Here are some things to help you get started with your drone:

  • Download the DJI manual for your drone here (it doesn’t come in the box). The manual is packed with lots of useful tips and will give you a better understanding of your drone’s features.

  • Check out this getting started guide for some tips not found in the DJI manual.

  • Your drone batteries will last longer if you use and maintain them like this.

  • Practice flying outdoors in a wide open location that’s free of all obstacles. Don’t attempt to fly inside your house or in other confined locations.

  • The drone records flight data each time you fly. You can decrypt and view those flight logs with these tools.

  • Check out MavicHelp.com for commonly used accessories you might need.


@msinger has given you some great links to get the latest best information available, Read it, take it to heart and your little bird will last longer and be happier…

As a New Drone Pilot, there are a couple of Legal Things you may need to do…

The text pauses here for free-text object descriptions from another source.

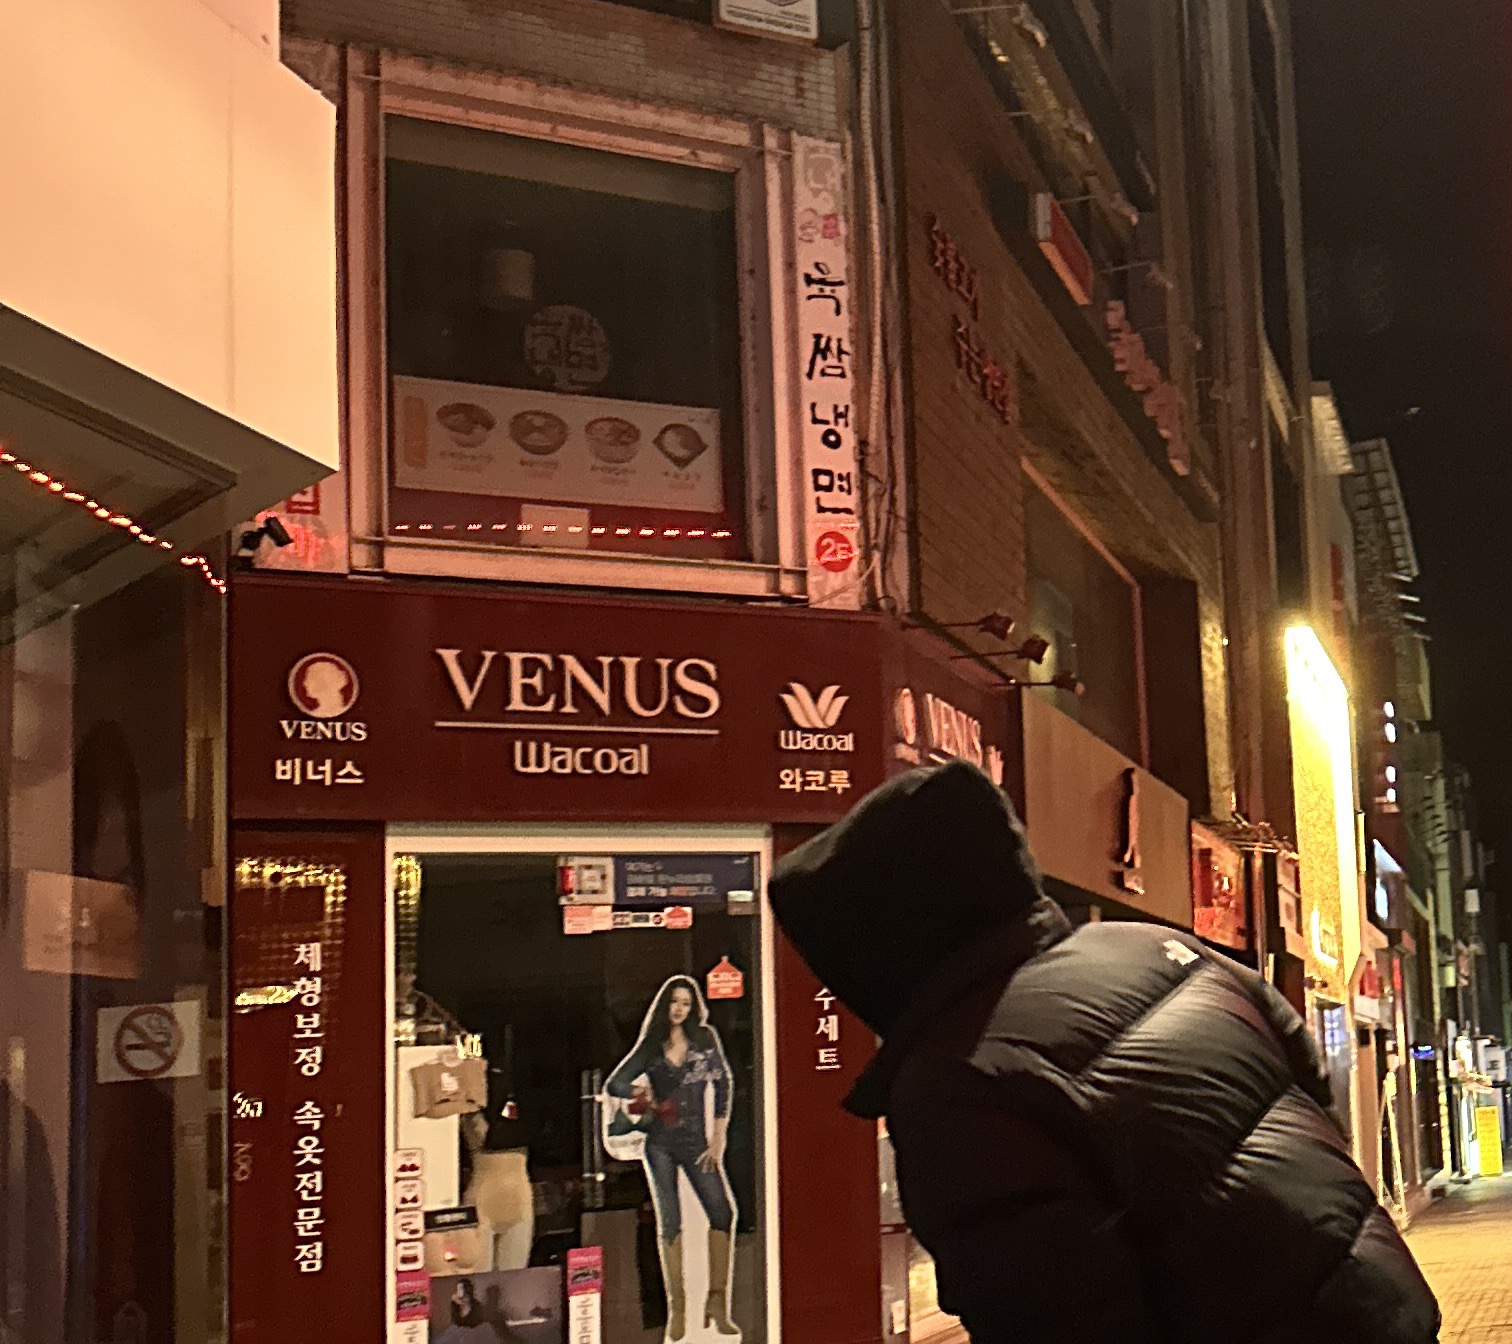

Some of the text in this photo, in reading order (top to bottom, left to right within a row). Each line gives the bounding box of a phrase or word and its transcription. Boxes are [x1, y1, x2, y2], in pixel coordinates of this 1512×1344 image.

[803, 261, 855, 516] 육쌈냉면
[435, 648, 720, 718] VENUS
[280, 718, 368, 742] VENUS
[779, 729, 854, 752] Wacoal
[275, 758, 365, 786] 비너스
[514, 740, 650, 775] Wacoal
[779, 768, 852, 794] 와코루
[293, 941, 325, 1273] 체형보정 속옷전문점
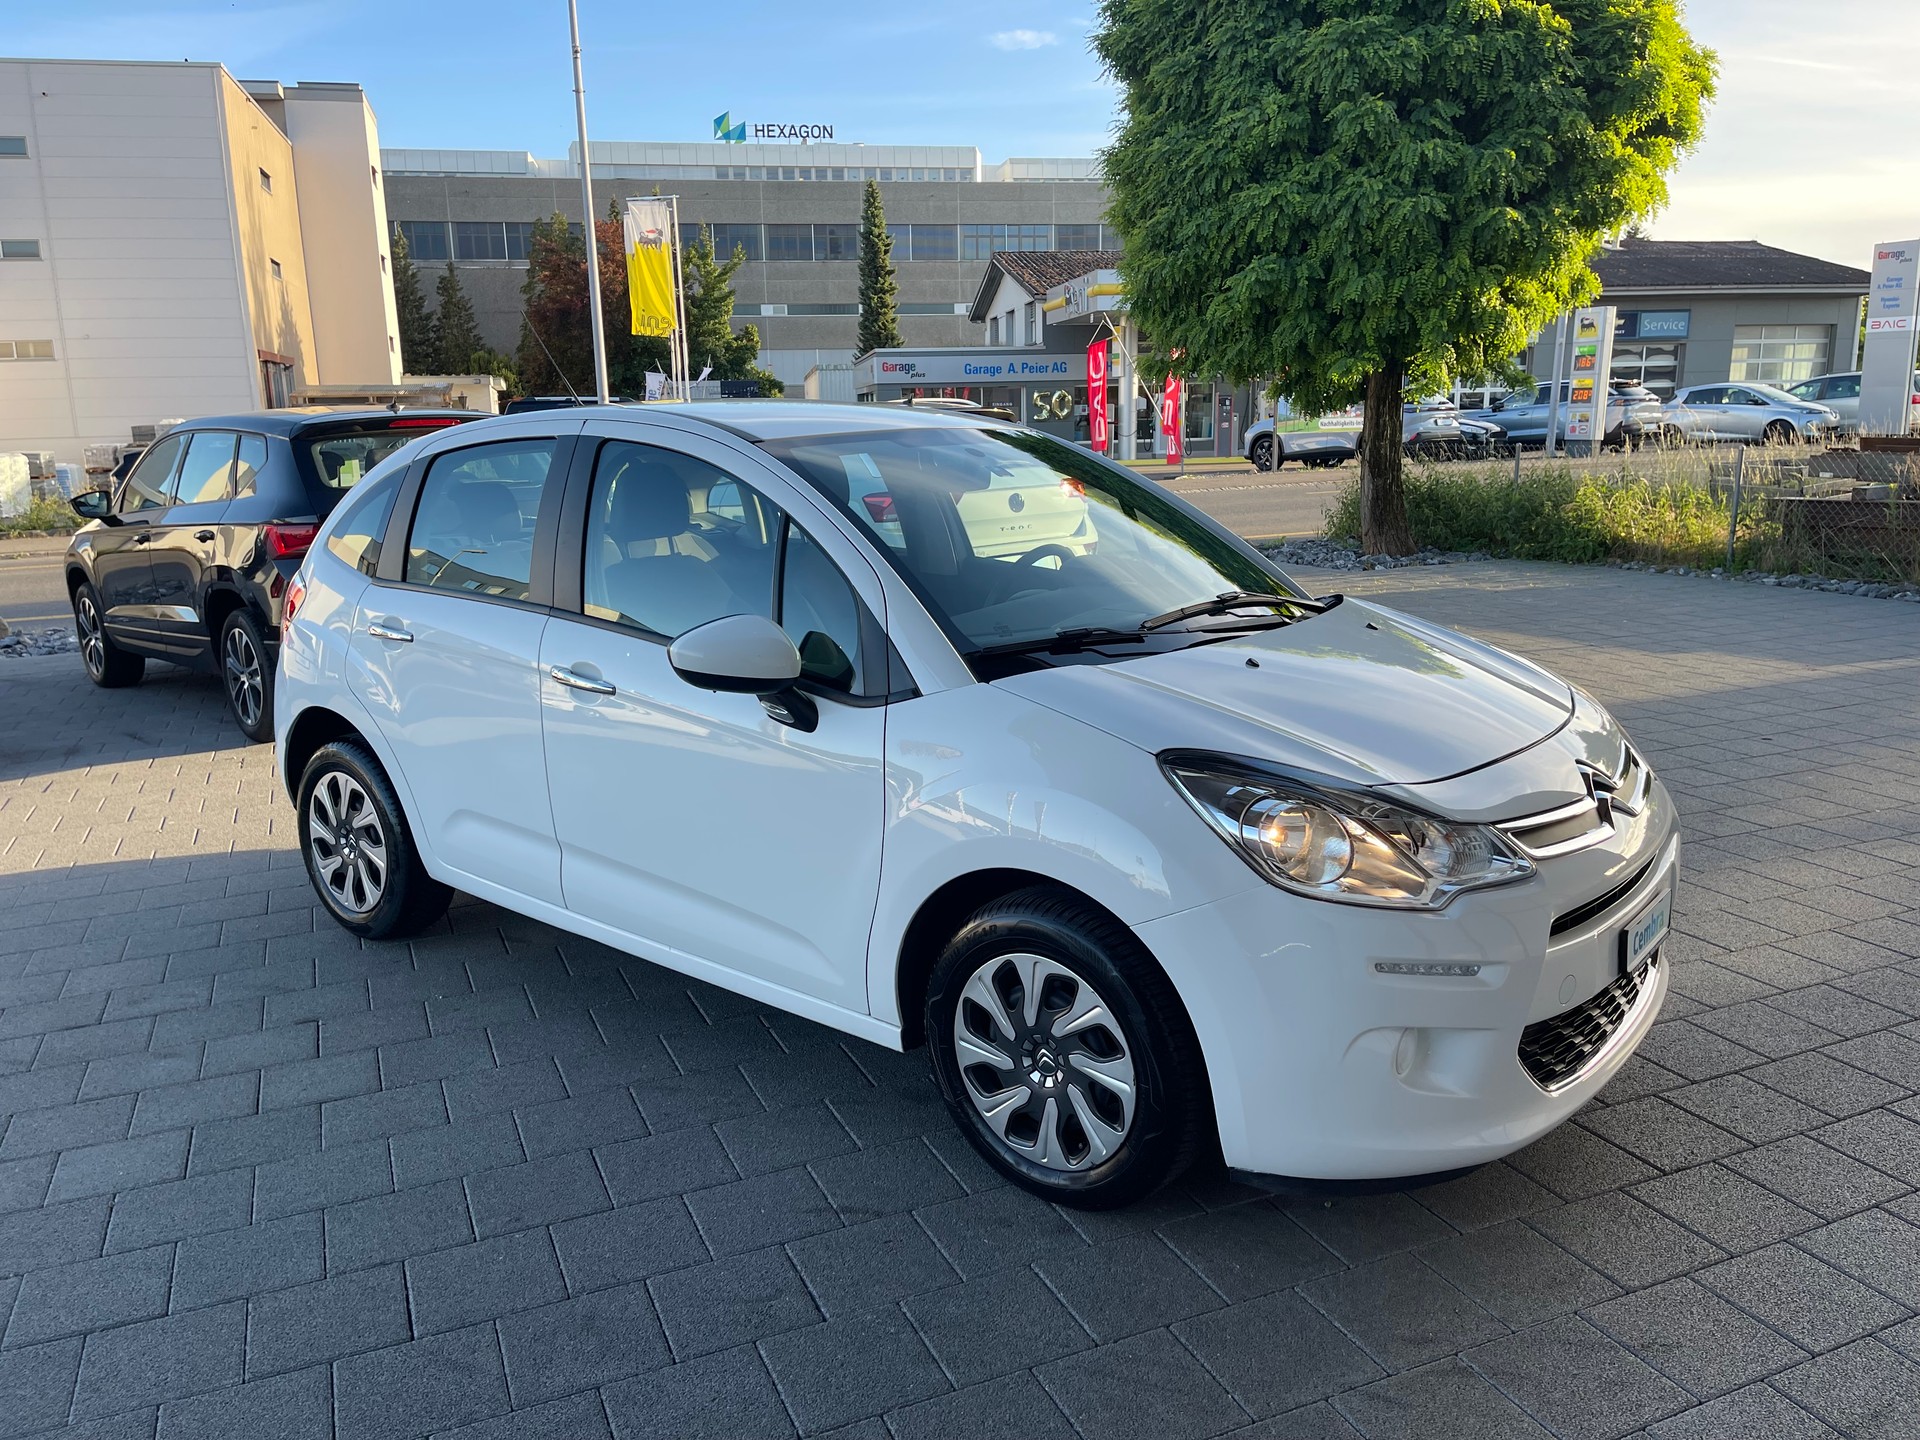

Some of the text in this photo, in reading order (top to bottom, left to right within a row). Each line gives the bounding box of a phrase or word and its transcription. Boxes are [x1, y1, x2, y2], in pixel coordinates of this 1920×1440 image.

[754, 124, 833, 139] HEXAGON
[1878, 250, 1906, 261] Garage
[1643, 319, 1686, 331] Service
[1871, 319, 1907, 330] BAIC
[882, 362, 916, 374] Garage
[964, 361, 1067, 377] Garage A. Peier AG
[1033, 389, 1073, 421] 50
[1633, 910, 1665, 956] Cembra
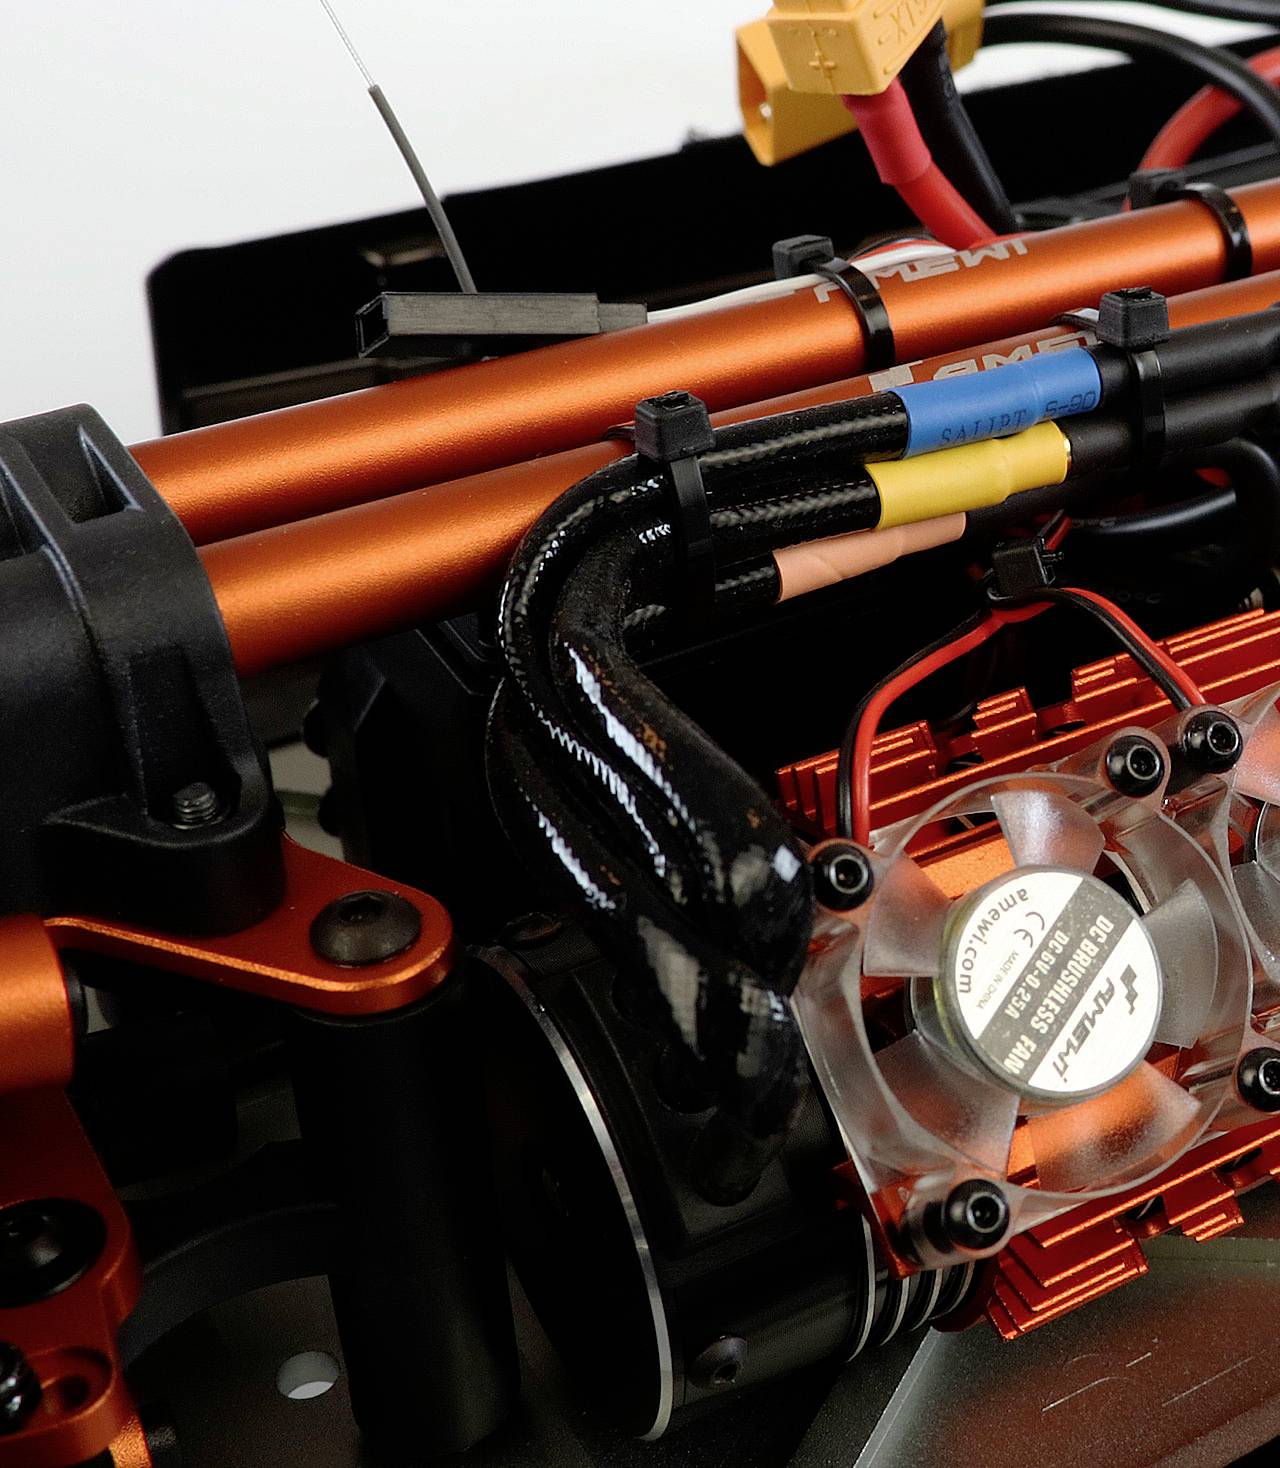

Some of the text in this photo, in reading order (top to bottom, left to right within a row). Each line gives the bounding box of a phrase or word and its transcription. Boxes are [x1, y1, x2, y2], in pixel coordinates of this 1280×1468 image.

[959, 888, 1029, 993] amewi.com
[1003, 915, 1115, 1074] DC BRUSHLESS FAN

If you have not already done so, you will need to get your TRUST Certificate. You can get that at the Pilot Institute Web Site (FREE…) . If your Drone weighs less than 250-grams (0.55 pounds) and you are flying under The Exception for Recreational Flyers, you are not required to register your Drone.

When I first started flying I registered my Mini 2 because the TRUST Certificate and FAA Registration established me as a “certified” Unmanned Aerial Vehicle (UAV) Pilot. I have now passed my Part 107 License Exam and am awaiting the arrival of my Permanent License and then I will re-register my Mini 2 under Part 107.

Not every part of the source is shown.